19/01/2012
Le Fonds du logement dispose d’un parc locatif de 1.307 logements. Au fil du temps, un certain nombre de ceux-ci deviennent soit sous occupés, soit suroccupés, à l’image de ce qui se passe dans le logement social. Cependant, pour y remédier, le Fonds peut, en vertu de l’article 19 de l’arrêté royal du 13 décembre 1983 et au terme d’un bail de 9 ans, procéder à la mutation des locataires. Un système qui permet de soulager quelque peu l’abondante liste d’attente.

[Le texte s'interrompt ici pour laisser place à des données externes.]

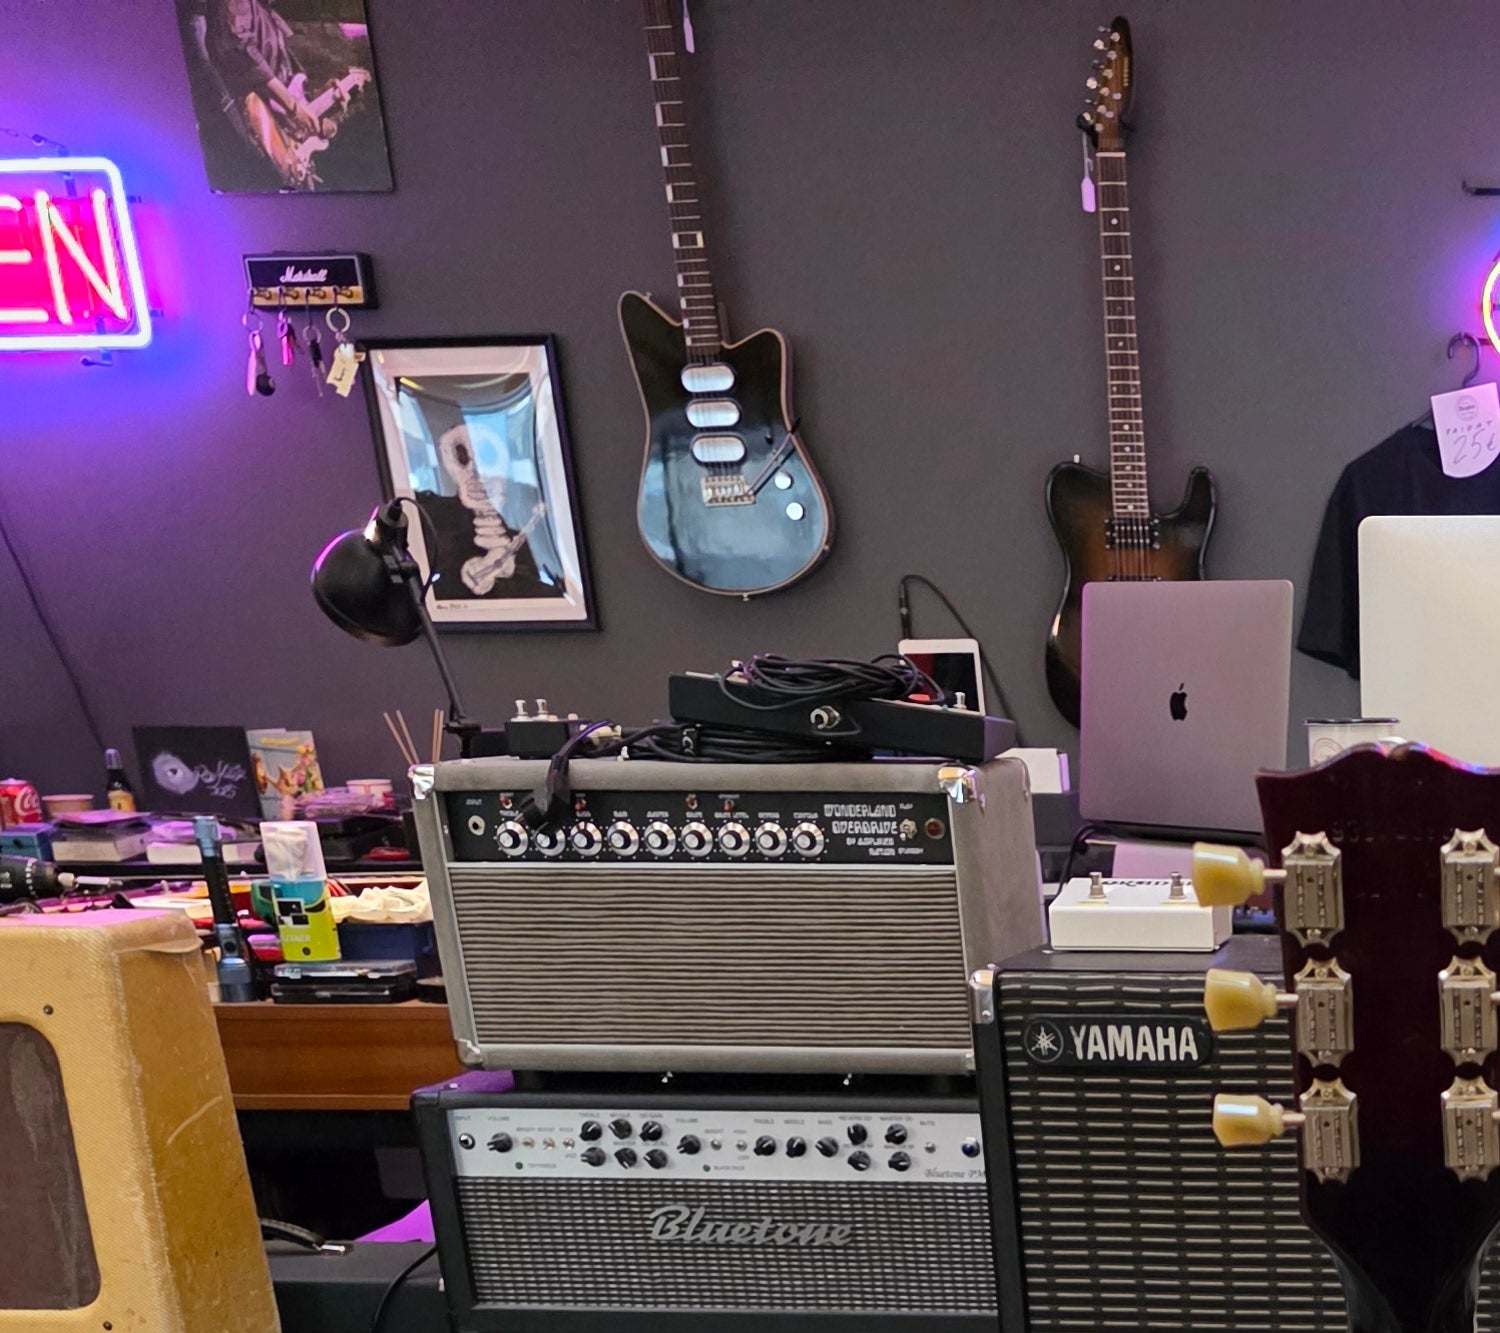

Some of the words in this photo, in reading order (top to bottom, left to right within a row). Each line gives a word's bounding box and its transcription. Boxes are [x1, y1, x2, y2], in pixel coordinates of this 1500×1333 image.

[823, 803, 897, 818] WONDERLAND
[831, 820, 898, 835] OVERDRIVE
[1069, 1024, 1199, 1061] YAMAHA
[649, 1205, 852, 1246] Bluetone
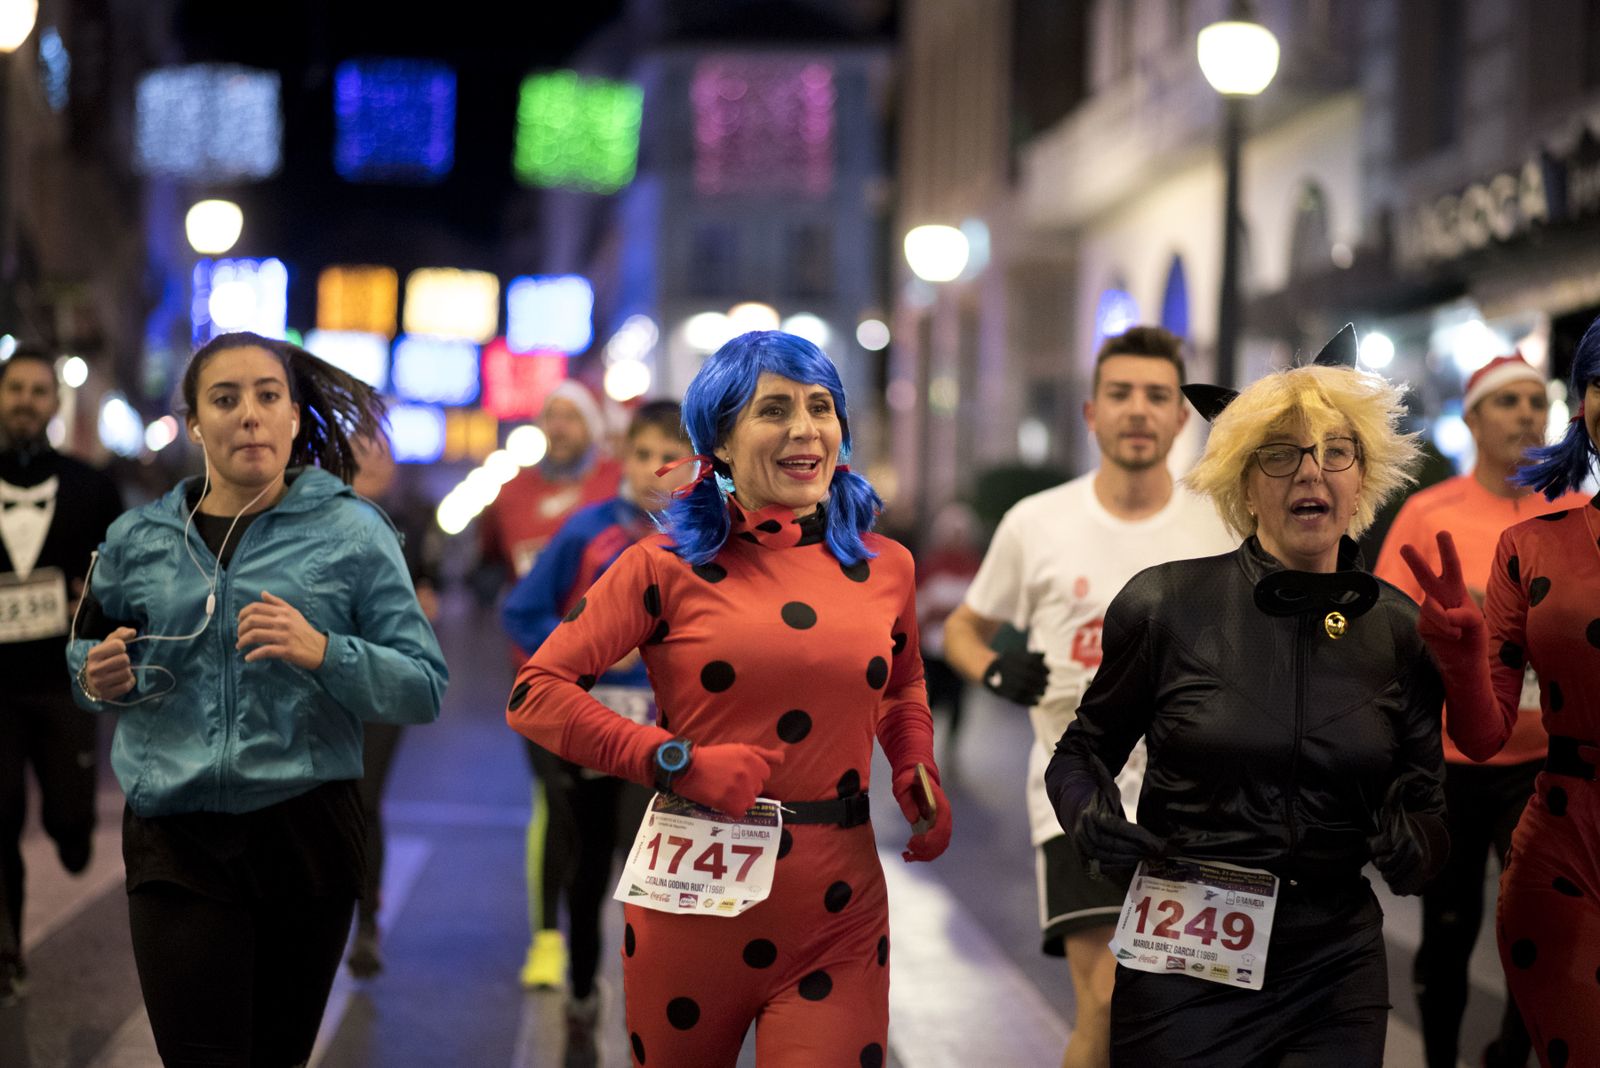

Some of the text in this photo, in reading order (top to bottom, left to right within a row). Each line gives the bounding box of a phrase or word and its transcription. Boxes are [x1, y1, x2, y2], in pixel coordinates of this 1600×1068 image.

[741, 829, 771, 838] GRANADA
[647, 832, 764, 882] 1747
[668, 879, 690, 891] GODINO
[690, 882, 705, 892] RUIZ
[1235, 896, 1264, 908] GRANADA
[1135, 896, 1255, 951] 1249
[1133, 938, 1155, 950] MARIOLA
[1173, 944, 1196, 957] GARCIA

Si Mohamed Ouriaghli adhère totalement à la démarche, le député régional s’interroge toutefois sur la manière dont celle-ci est gérée par le Fonds. En effet, jusqu’à ce jour il appartient aux assistants sociaux de décider du nombre de chambres qu’il convient d’attribuer à chaque ménage. Le service social du Fonds apprécie les besoins du ménage candidat en regard des règles générales établies et des spécificités des logements disponibles. Par conséquent, pour éviter toute interprétation subjective, Mohamed Ouriaghli plaide vigoureusement pour l’instauration d’une procédure plus claire et plus objective, à l’instar de ce qui se fait dans le logement social.
Interpellé à l’occasion de la dernière commission logement du parlement bruxellois, le Secrétaire d’Etat au Logement s’est engagé à définir une procédure claire et objective de mutation des locataires du Fonds du logement. Dans un souci d’amélioration du service, le Secrétaire d’Etat souhaite intégrer une clause dans le contrat de gestion actuel du Fonds qui prévoirait un règlement de l’aide locative. Cette clause devrait lui parvenir dans les semaines à venir et fera l’objet de discussions qui se prolongeront au parlement.
Le député Ouriaghli se réjouit de ces bonnes dispositions du Secrétaire d’Etat qui tendent vers plus d’équité et il sera attentif à la bonne mise en œuvre de celles-ci.